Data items

::::::::

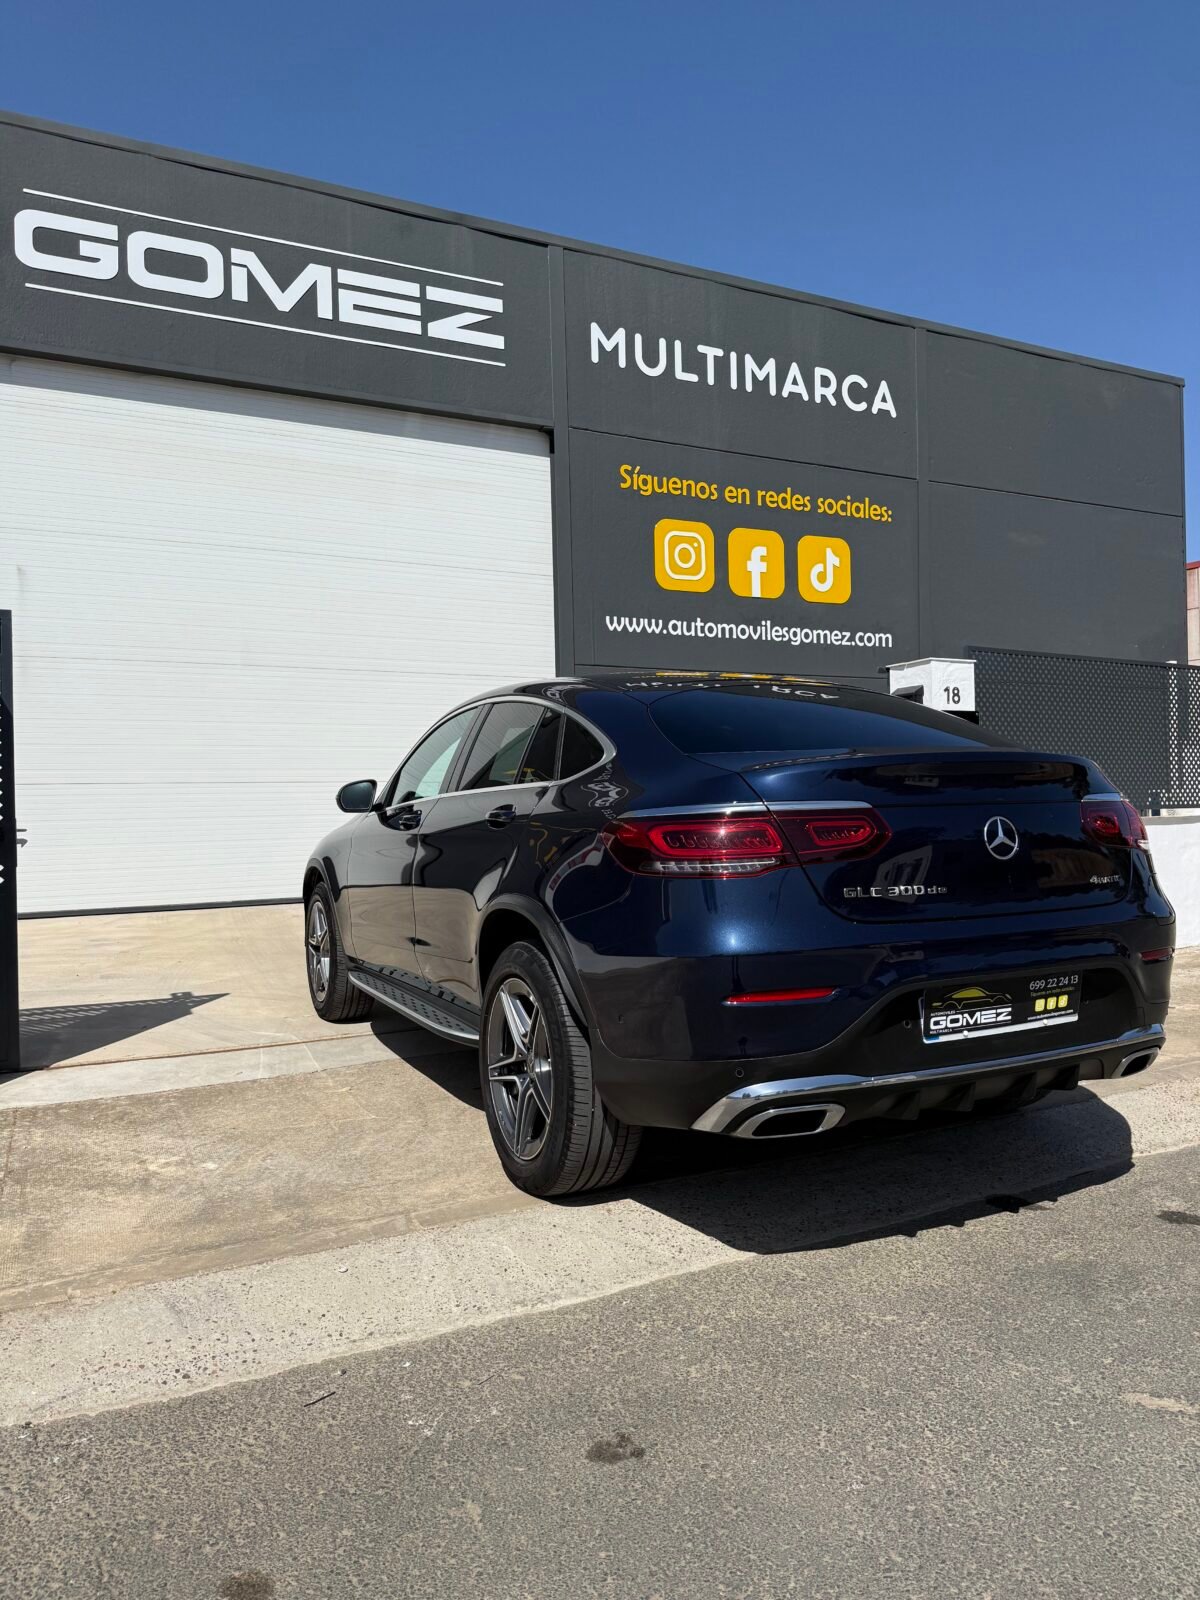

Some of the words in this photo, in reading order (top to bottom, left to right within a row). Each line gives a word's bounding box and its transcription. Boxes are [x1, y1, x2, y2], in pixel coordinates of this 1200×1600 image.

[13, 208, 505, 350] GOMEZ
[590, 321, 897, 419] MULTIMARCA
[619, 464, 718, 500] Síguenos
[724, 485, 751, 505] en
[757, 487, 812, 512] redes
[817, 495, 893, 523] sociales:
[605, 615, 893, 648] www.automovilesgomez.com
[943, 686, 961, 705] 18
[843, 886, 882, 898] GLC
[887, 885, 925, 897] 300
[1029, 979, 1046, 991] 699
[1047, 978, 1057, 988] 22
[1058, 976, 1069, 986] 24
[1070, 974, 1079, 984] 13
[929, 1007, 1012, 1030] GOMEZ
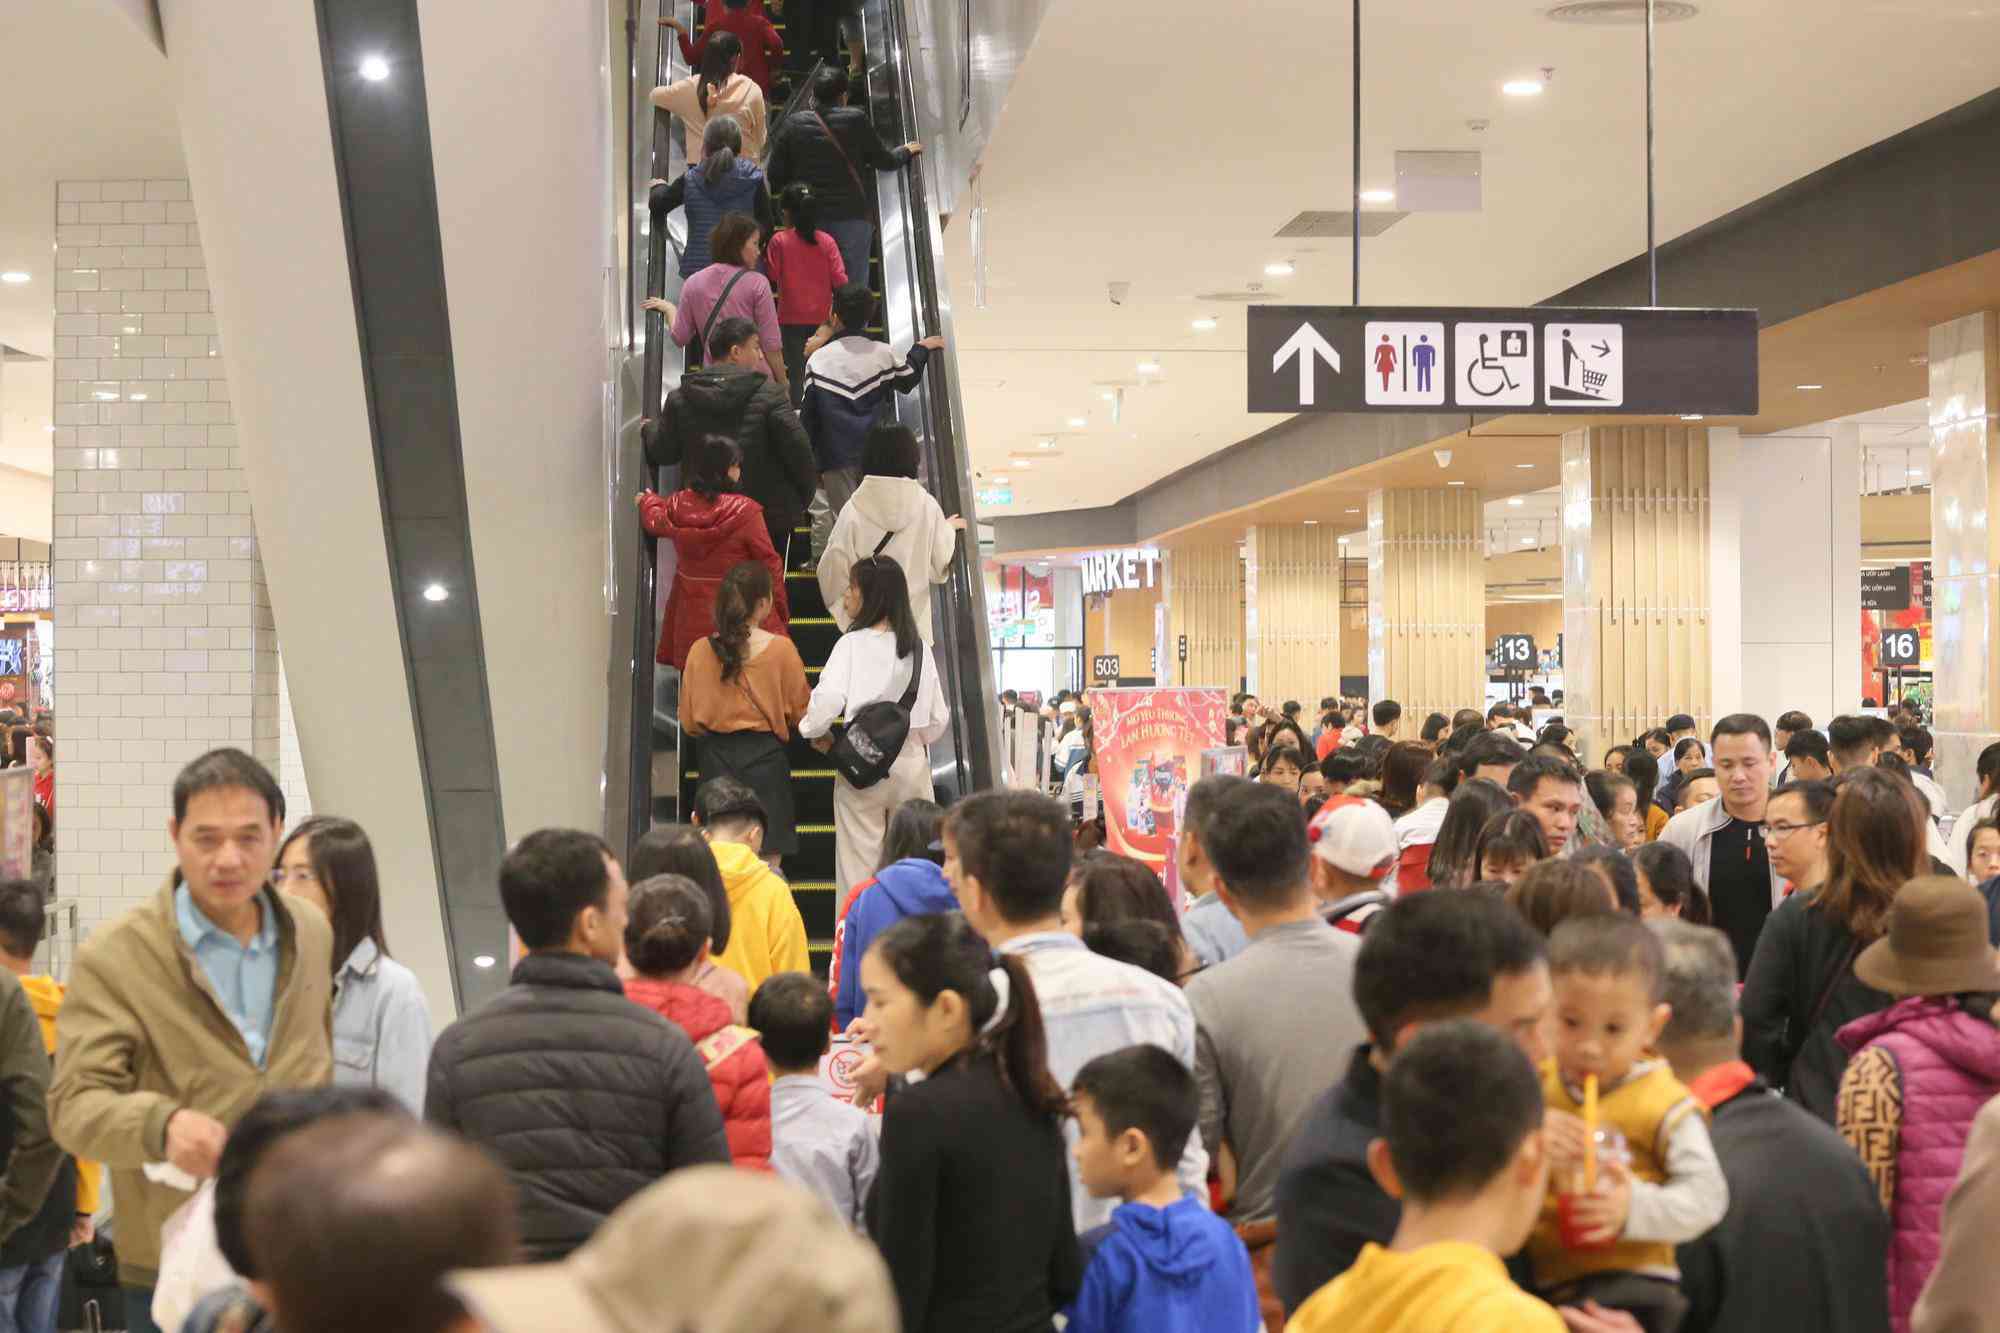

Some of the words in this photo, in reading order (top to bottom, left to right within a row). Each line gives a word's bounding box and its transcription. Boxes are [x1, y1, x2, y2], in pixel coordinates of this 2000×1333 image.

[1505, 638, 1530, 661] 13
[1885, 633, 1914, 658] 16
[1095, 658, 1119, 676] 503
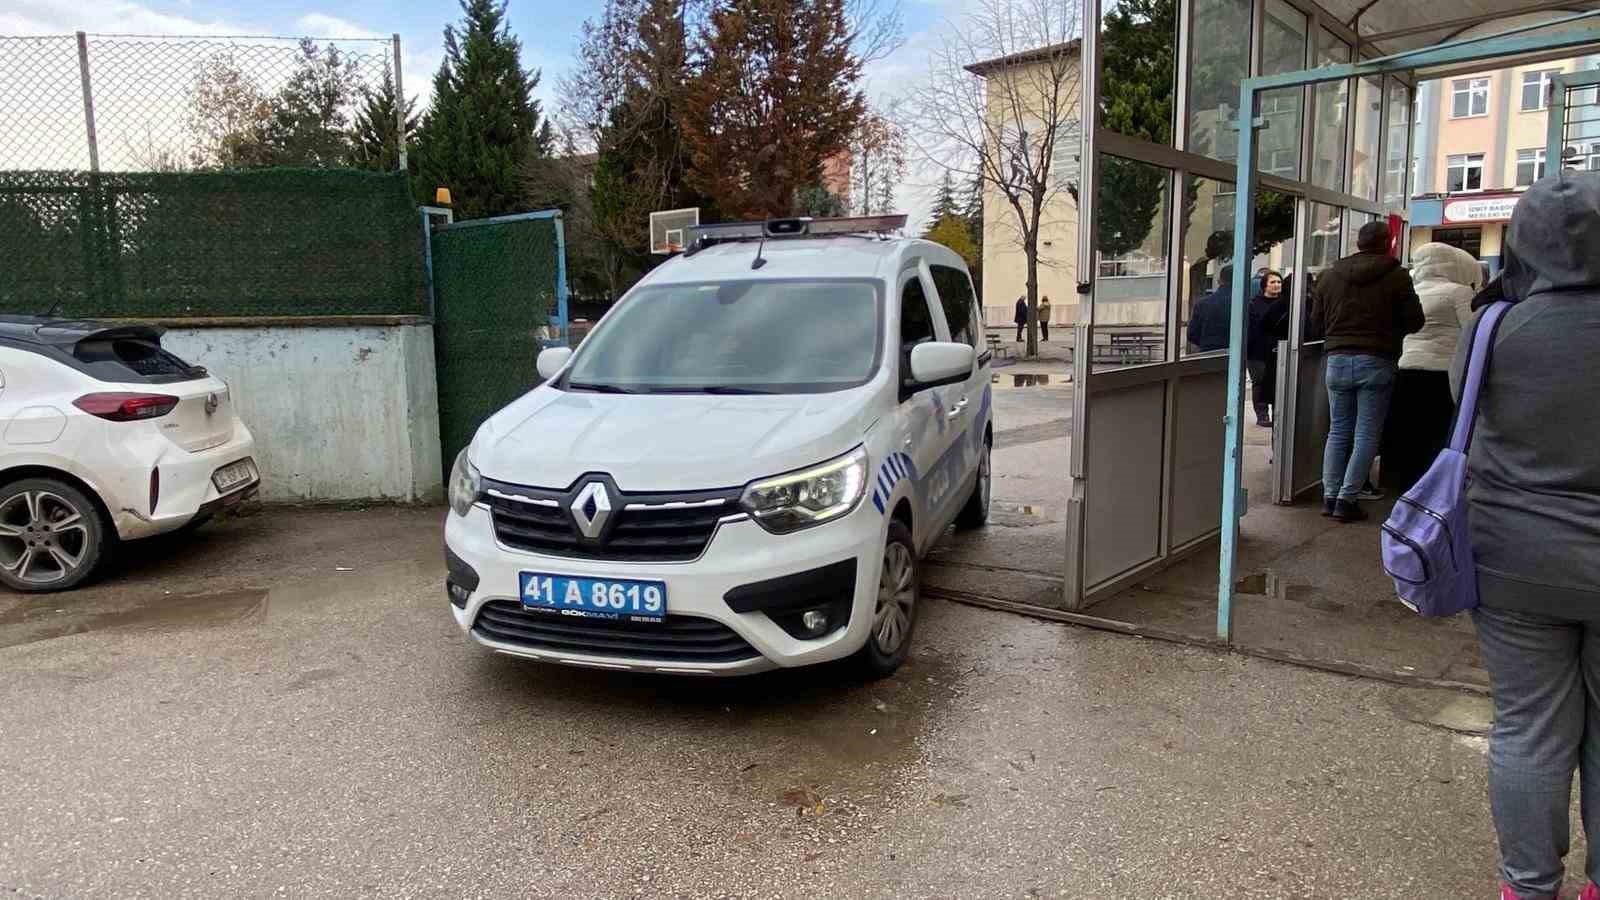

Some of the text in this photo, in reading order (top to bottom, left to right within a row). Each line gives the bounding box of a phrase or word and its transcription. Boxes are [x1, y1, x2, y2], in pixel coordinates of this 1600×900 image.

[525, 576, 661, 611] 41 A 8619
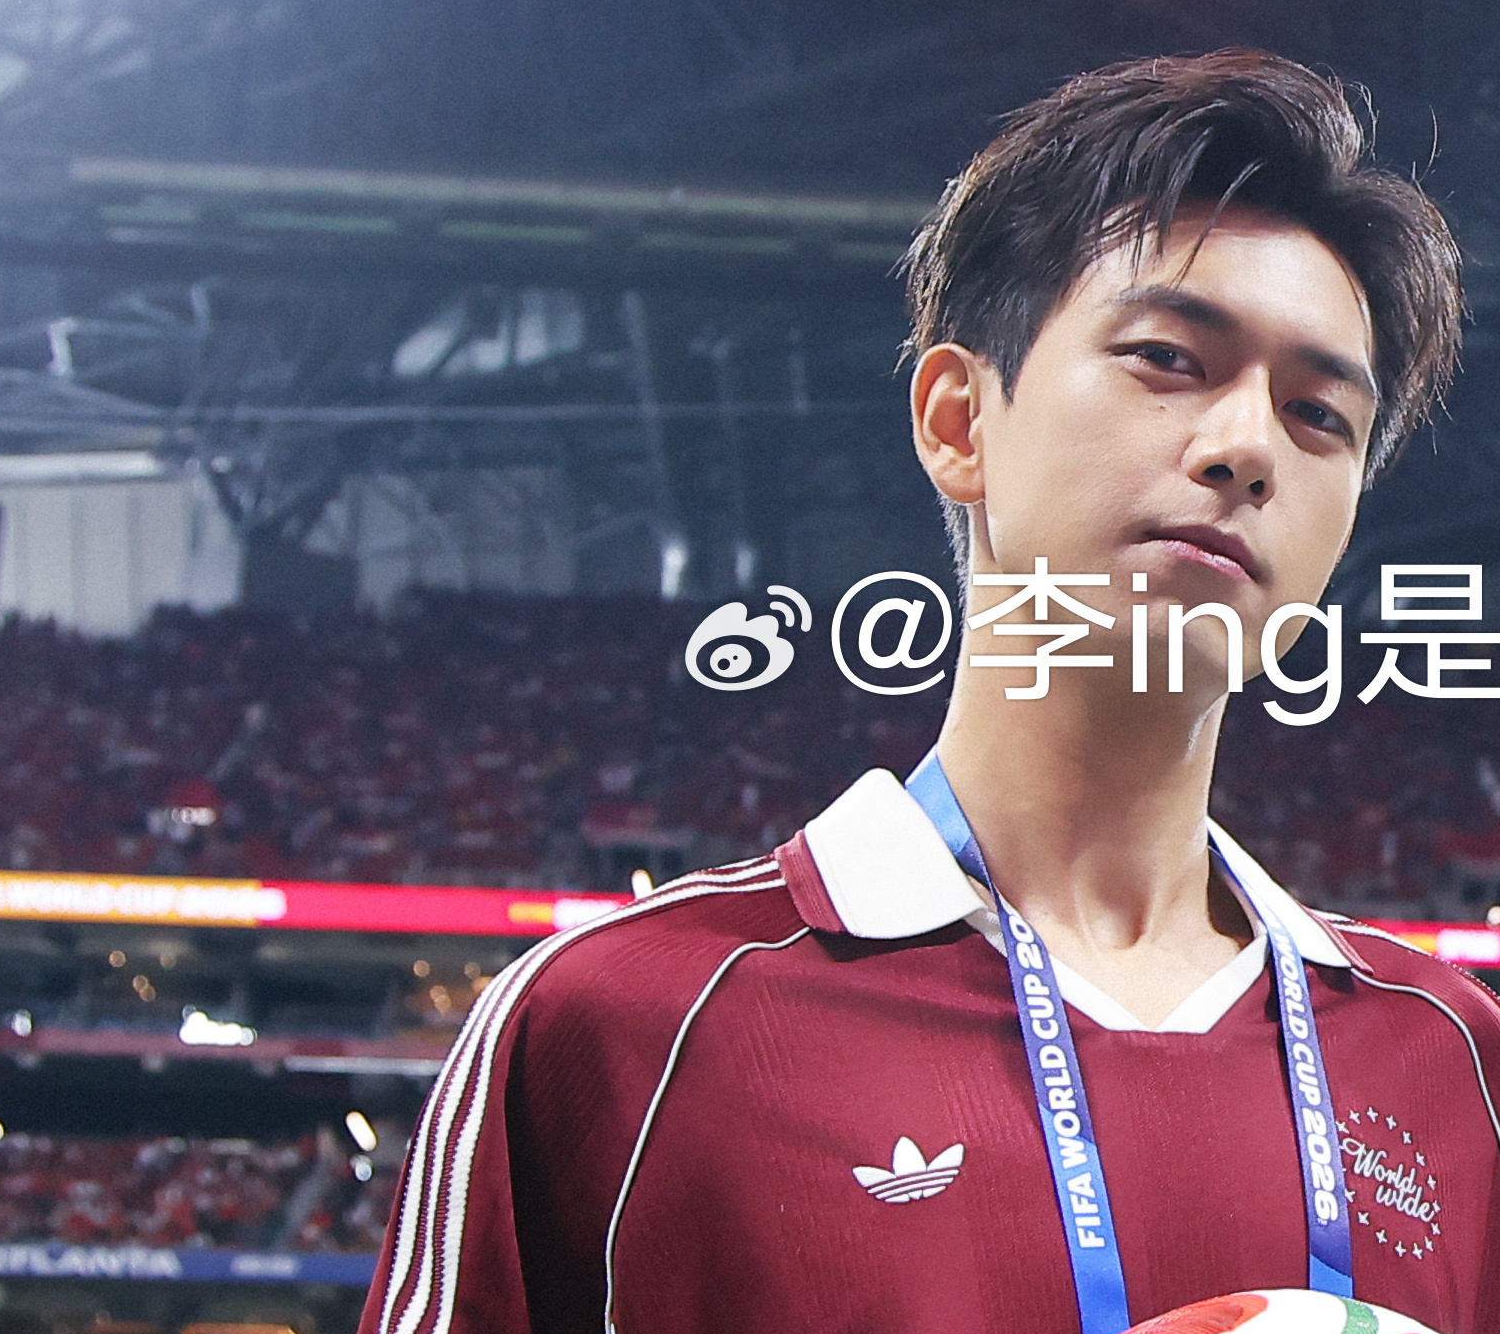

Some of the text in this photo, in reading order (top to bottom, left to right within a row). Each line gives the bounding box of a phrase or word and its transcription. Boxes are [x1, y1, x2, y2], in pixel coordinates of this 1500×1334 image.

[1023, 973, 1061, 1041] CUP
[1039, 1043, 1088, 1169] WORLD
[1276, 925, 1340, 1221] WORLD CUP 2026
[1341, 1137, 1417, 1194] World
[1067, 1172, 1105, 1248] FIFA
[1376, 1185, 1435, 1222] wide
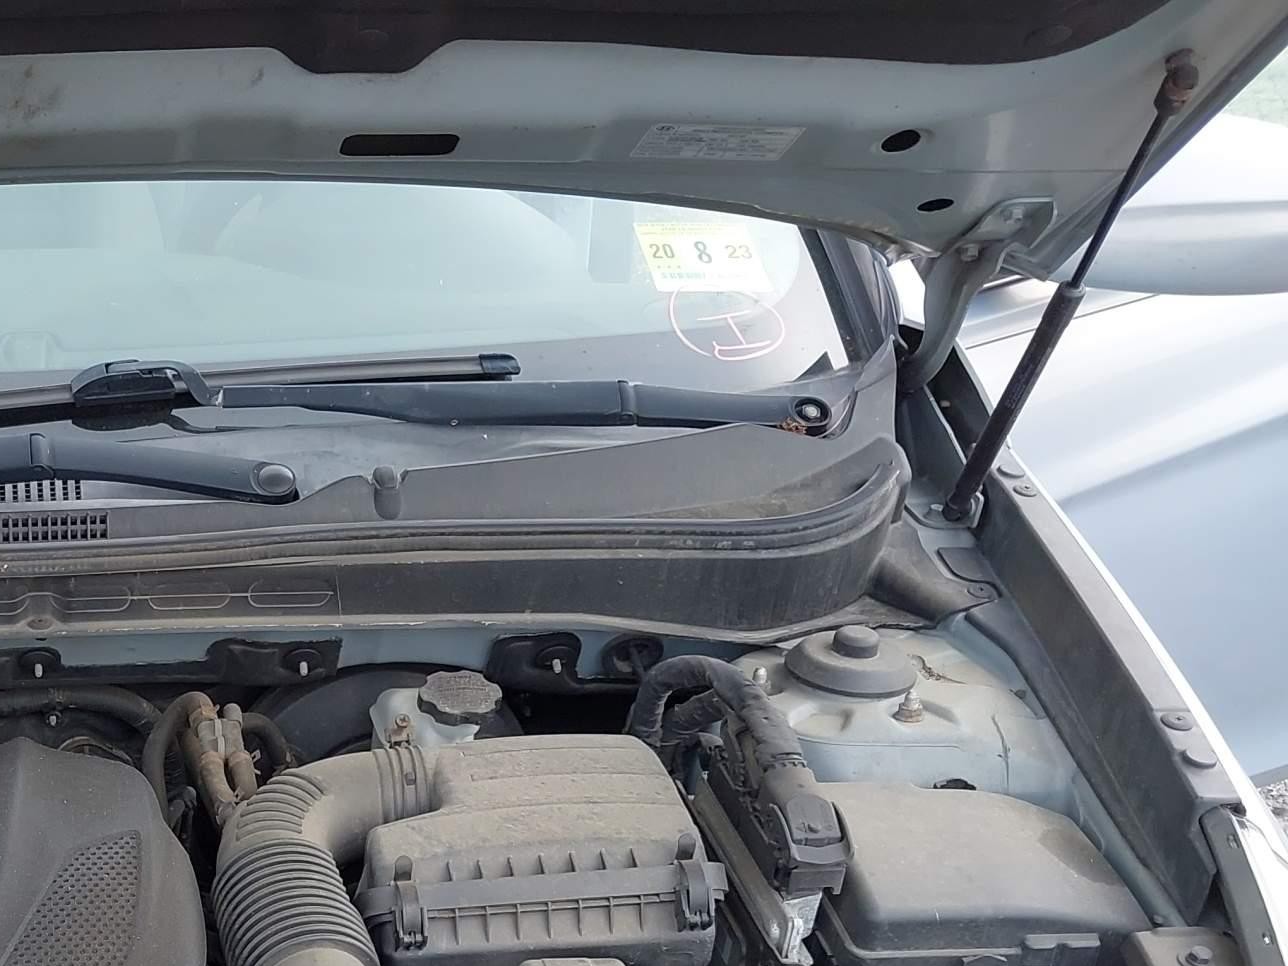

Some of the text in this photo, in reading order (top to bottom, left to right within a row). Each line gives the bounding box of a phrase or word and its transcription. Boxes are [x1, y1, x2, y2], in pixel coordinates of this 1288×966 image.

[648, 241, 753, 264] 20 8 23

::::::::

The entries should be printed again exactly as written, leaving all pictures out.

__Solution for this exercise__.
Some of the words in this photo, in reading order (top to bottom, left to right within a row). Each line gives a word's bounding box and its transcription. Boxes are [x1, y1, x2, y2], in pixel coordinates of this 1200×1600 image.

[13, 208, 505, 350] GOMEZ
[590, 321, 897, 419] MULTIMARCA
[619, 464, 718, 500] Síguenos
[724, 485, 751, 505] en
[757, 487, 812, 512] redes
[817, 495, 893, 523] sociales:
[605, 615, 893, 648] www.automovilesgomez.com
[943, 686, 961, 705] 18
[843, 886, 882, 898] GLC
[887, 885, 925, 897] 300
[1029, 979, 1046, 991] 699
[1047, 978, 1057, 988] 22
[1058, 976, 1069, 986] 24
[1070, 974, 1079, 984] 13
[929, 1007, 1012, 1030] GOMEZ

Some of the words in this photo, in reading order (top to bottom, left to right within a row). Each line gives a word's bounding box and its transcription. Boxes are [x1, y1, x2, y2], in pixel coordinates of this 2000×1333 image.

[1505, 638, 1530, 661] 13
[1885, 633, 1914, 658] 16
[1095, 658, 1119, 676] 503

Some of the text in this photo, in reading order (top to bottom, left to right within a row). Each line gives the bounding box of a phrase or word and its transcription. Boxes are [x1, y1, x2, y2], in pixel coordinates of this 1600×900 image.

[525, 576, 661, 611] 41 A 8619

Some of the text in this photo, in reading order (top to bottom, left to right within a row). Each line gives the bounding box of a phrase or word and its transcription. Boxes are [x1, y1, x2, y2], in pixel coordinates of this 1500×1334 image.

[1023, 973, 1061, 1041] CUP
[1039, 1043, 1088, 1169] WORLD
[1276, 925, 1340, 1221] WORLD CUP 2026
[1341, 1137, 1417, 1194] World
[1067, 1172, 1105, 1248] FIFA
[1376, 1185, 1435, 1222] wide

Some of the text in this photo, in reading order (top to bottom, left to right within a row). Each line gives the bounding box of a phrase or word and its transcription. Boxes are [x1, y1, x2, y2], in pixel coordinates of this 1288×966 image.

[648, 241, 753, 264] 20 8 23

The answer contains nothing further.